“Motivated by greed and bad ideas, the morally bankrupt use networks to advance schemes ranging from the criminal to the lunatic.” — From Great Ideas to Our Greatest Opportunity. Also true if you substitute anything else for ‘networks:’ electricity; the steam engine; bronze; fire; apples.
“Misleading appeals to the authority of “brain research” have become the modern equivalent of out-of-context scriptural fragments. Andrew Sullivan wouldn’t accept a politician’s bible quotations uncritically, and he should learn to be just as skeptical of psychologists.” — Blinding us with science
Does The Times think “any bad news [about Iraq] must be true, even if it directly contradicts other alleged bad news?” — Vast Resources And Layers Of Editing
Lewis Carroll’s advice on writing letters could be usefully applied to communication in general. It is also an interesting look at how a Victorian scholar ‘maintained a large and active correspondence.’

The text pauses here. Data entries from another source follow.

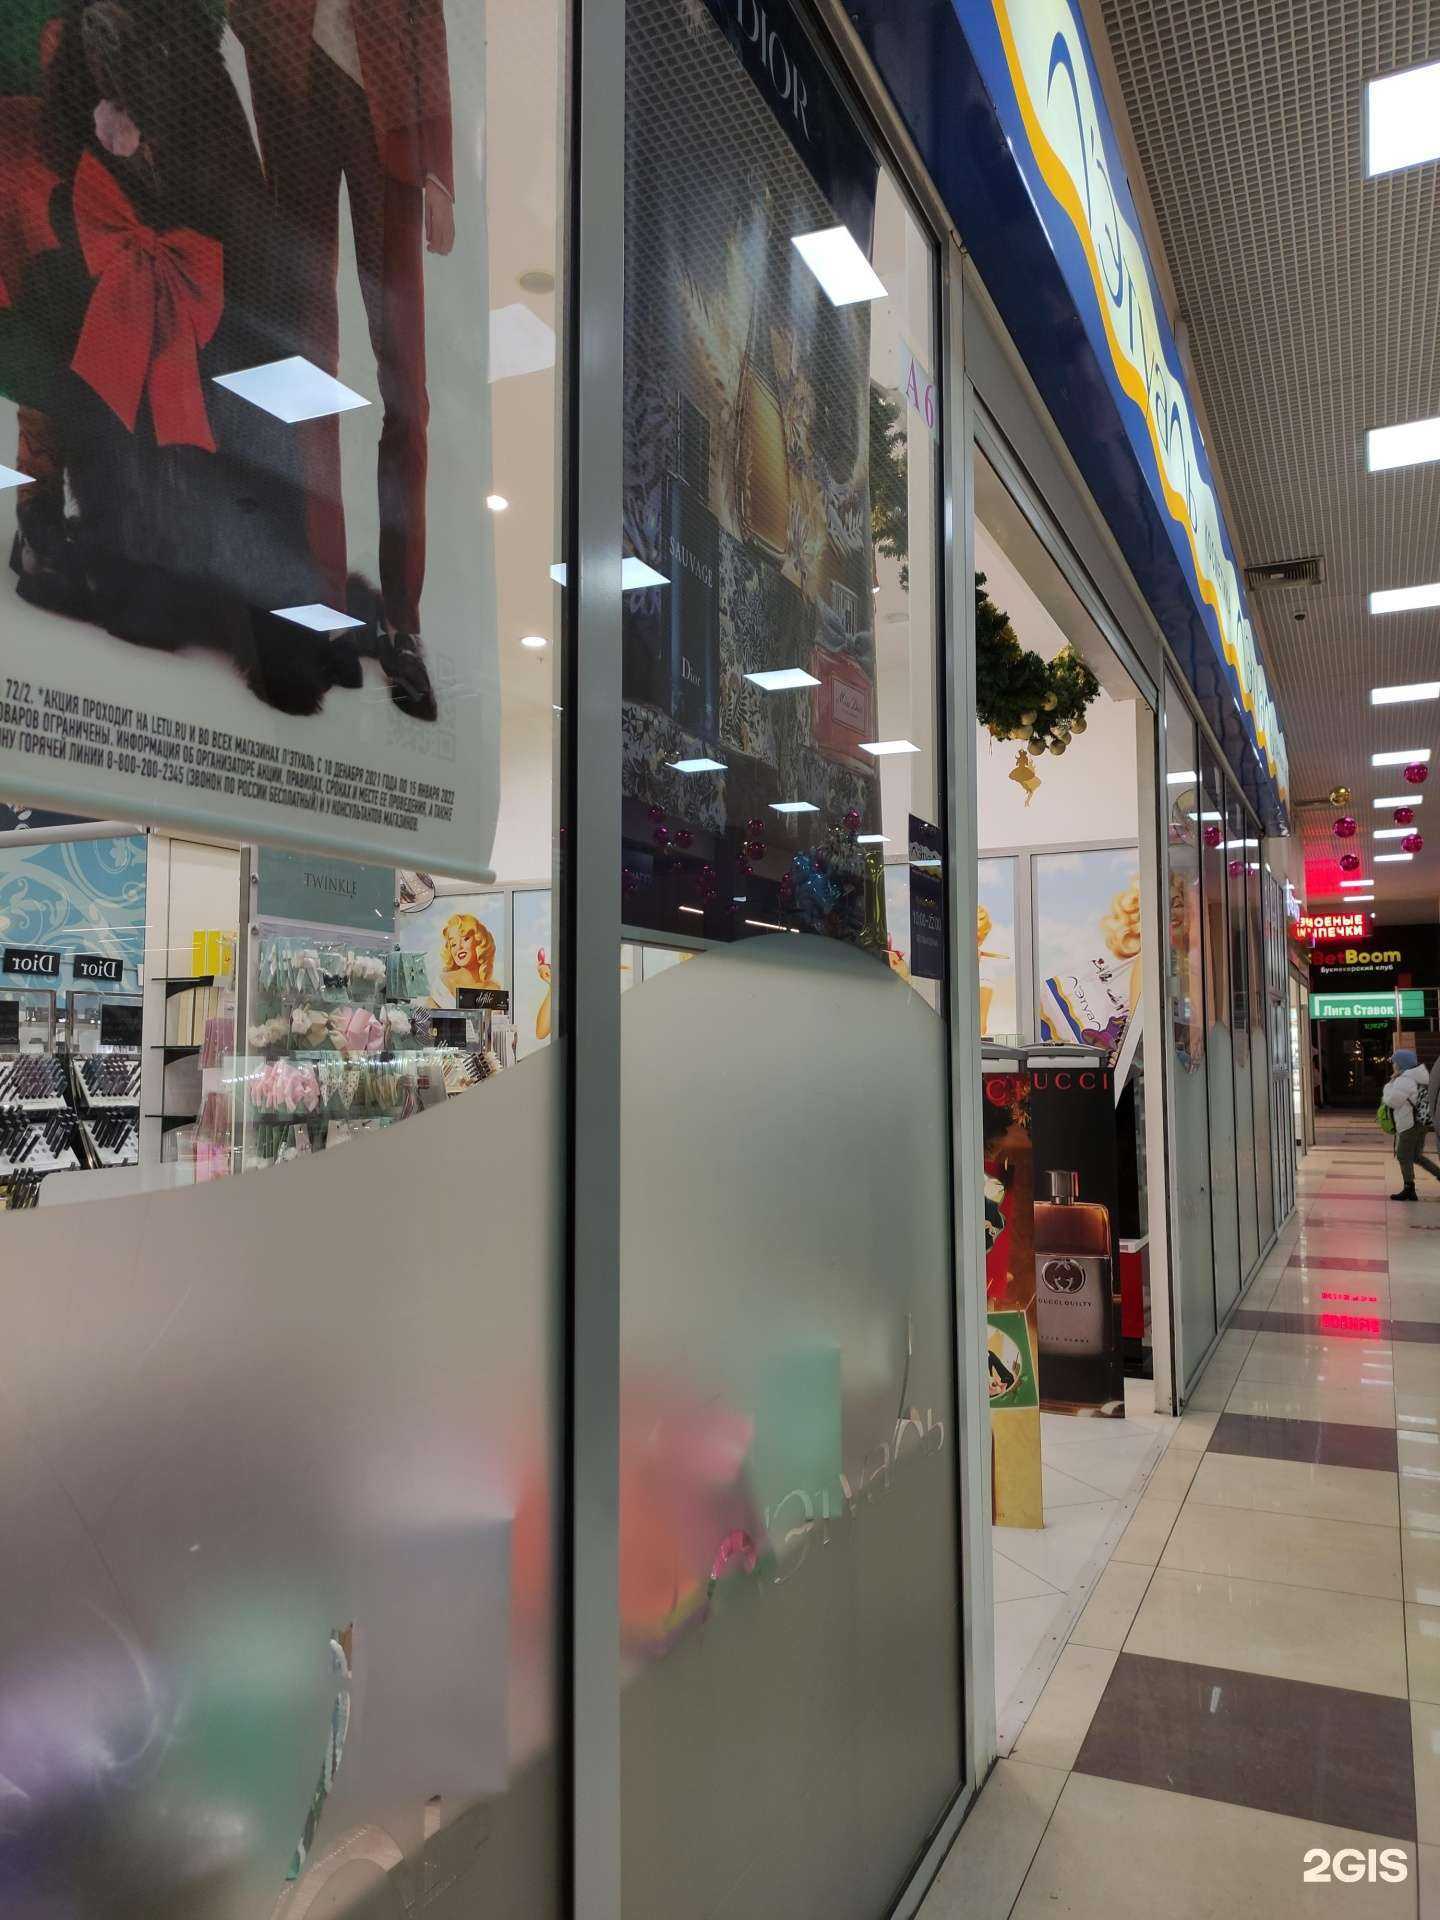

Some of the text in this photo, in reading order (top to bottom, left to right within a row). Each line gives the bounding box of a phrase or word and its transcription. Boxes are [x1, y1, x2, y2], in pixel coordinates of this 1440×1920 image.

[737, 0, 811, 142] DIOR
[670, 535, 713, 588] SAUVAGE
[681, 655, 702, 687] Dior
[6, 679, 33, 704] 72/2.
[82, 698, 133, 729] ПРОХОДИТ
[136, 711, 149, 732] НА
[152, 715, 187, 741] LETU.RU
[189, 725, 196, 743] И
[198, 727, 209, 746] ВО
[212, 731, 232, 752] ВСЕХ
[234, 735, 280, 763] МАГАЗИНАХ
[317, 757, 323, 773] С
[333, 761, 364, 783] ДЕКАБРЯ
[43, 712, 114, 747] ОГРАНИЧЕНЫ.
[116, 730, 181, 761] ИНФОРМАЦИЯ
[183, 746, 195, 764] ОБ
[196, 748, 256, 779] ОРГАНИЗАТОРЕ
[19, 731, 66, 761] ГОРЯЧЕЙ
[68, 742, 104, 768] ЛИНИИ
[106, 750, 184, 785] 8-800-200-2345
[224, 775, 236, 795] ПО
[237, 779, 268, 802] РОССИИ
[303, 872, 358, 897] TWINKLE
[1323, 1004, 1394, 1017] Лига Ставок
[1032, 1071, 1110, 1090] UCCI

Wordie lets you make lists of words, subscribe to others’ lists, and discuss word lists. I particularly liked the list of fish that are fun to say:
Moray, lamprey, barracuda, hake;
Hagfish, conger, walleye, chum;
Sea bream, grouper, albacore, kipper;
Three-spine stickleback, freshwater drum.
I have seen a lot of posts on Slashdot condemning shrink-wrap licenses, in some variation of “Shrink-wrap licenses are another BS way for The Man to rip off The People! Who’s with me? Let’s go! Yaaaah!”. I had not heard Doc Rampage’s objections before. By clicking this link, you agree to download Doc’s blog post on shrink-wrap licenses.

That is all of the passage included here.